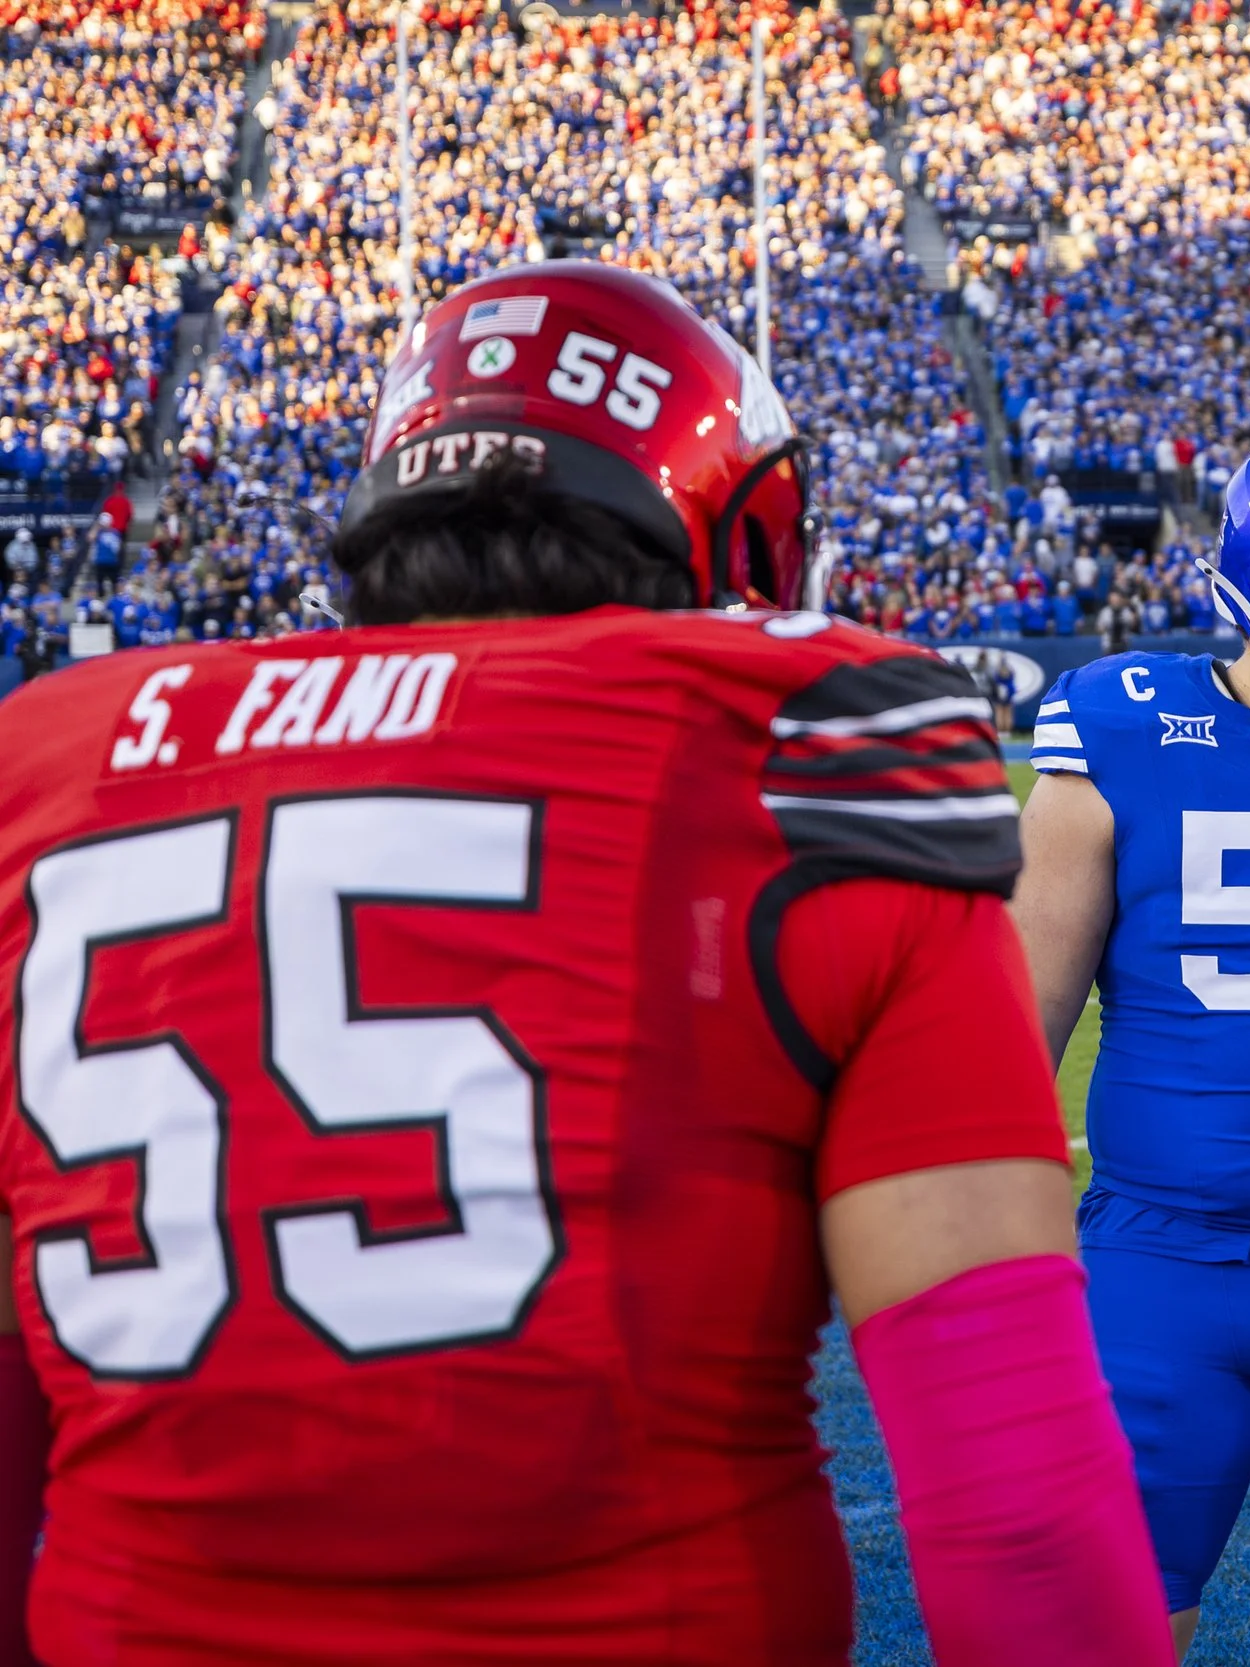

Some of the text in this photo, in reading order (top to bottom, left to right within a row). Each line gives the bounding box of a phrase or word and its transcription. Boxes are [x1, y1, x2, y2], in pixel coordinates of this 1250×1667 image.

[546, 330, 673, 431] 55
[111, 653, 458, 771] S. FANO
[1121, 667, 1155, 701] C
[1163, 715, 1214, 743] XII
[15, 787, 566, 1382] 55
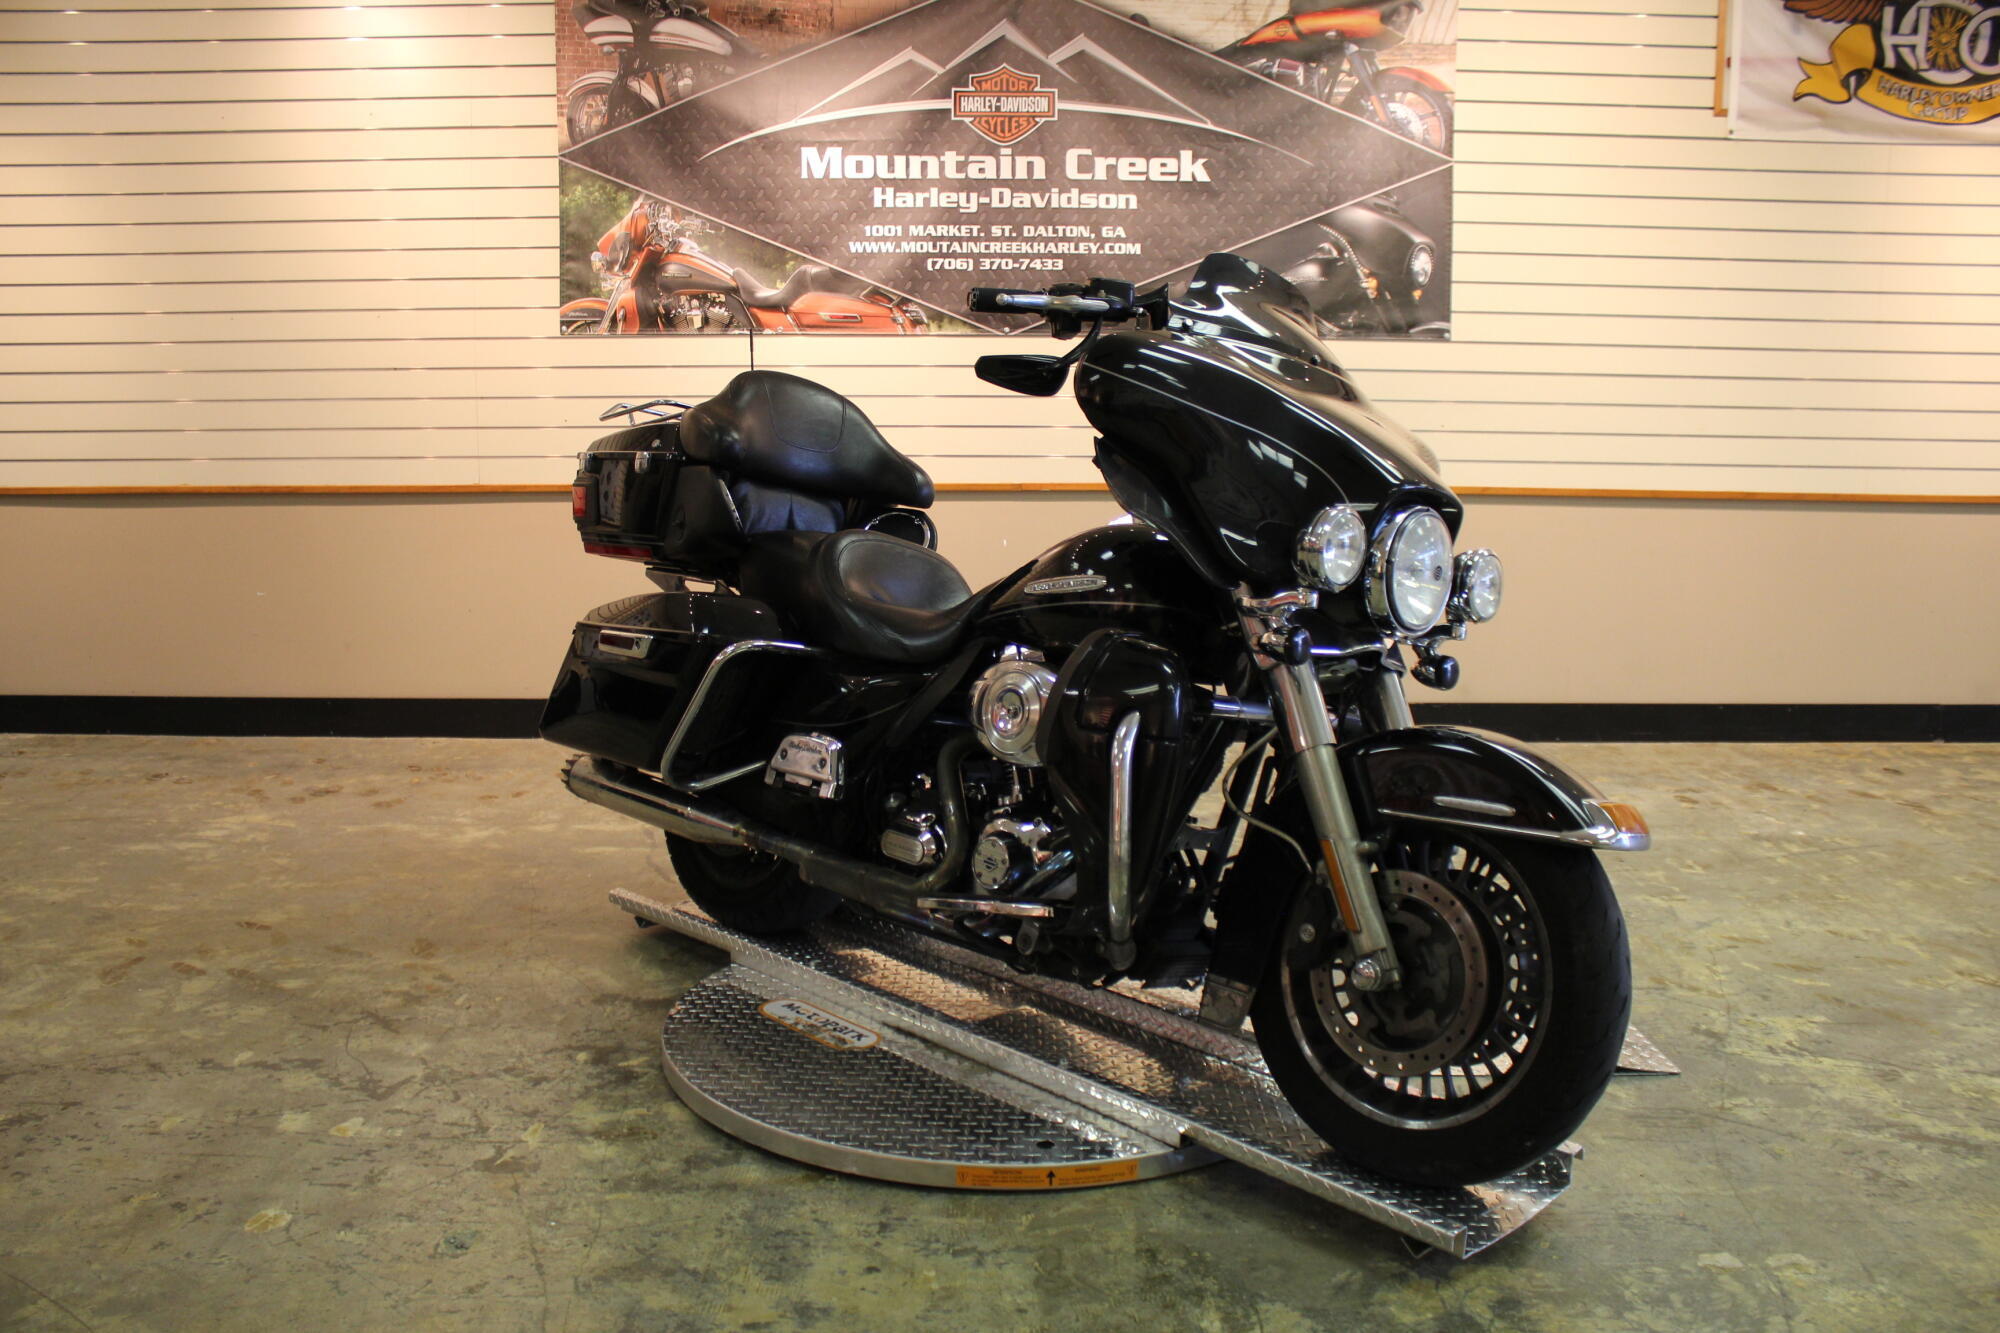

> _YOUR OBJECTIVE_
Without the pictures, retype the whole of the material above exactly.

> _SOLUTION BELOW_
Some of the text in this photo, in reading order (top to bottom, left to right within a row). Each line gives the bounding box of a phrase or word and its transcription. Boxes are [x1, y1, x2, y2], in pixel coordinates of this 1250×1667 image.

[546, 330, 673, 431] 55
[111, 653, 458, 771] S. FANO
[1121, 667, 1155, 701] C
[1163, 715, 1214, 743] XII
[15, 787, 566, 1382] 55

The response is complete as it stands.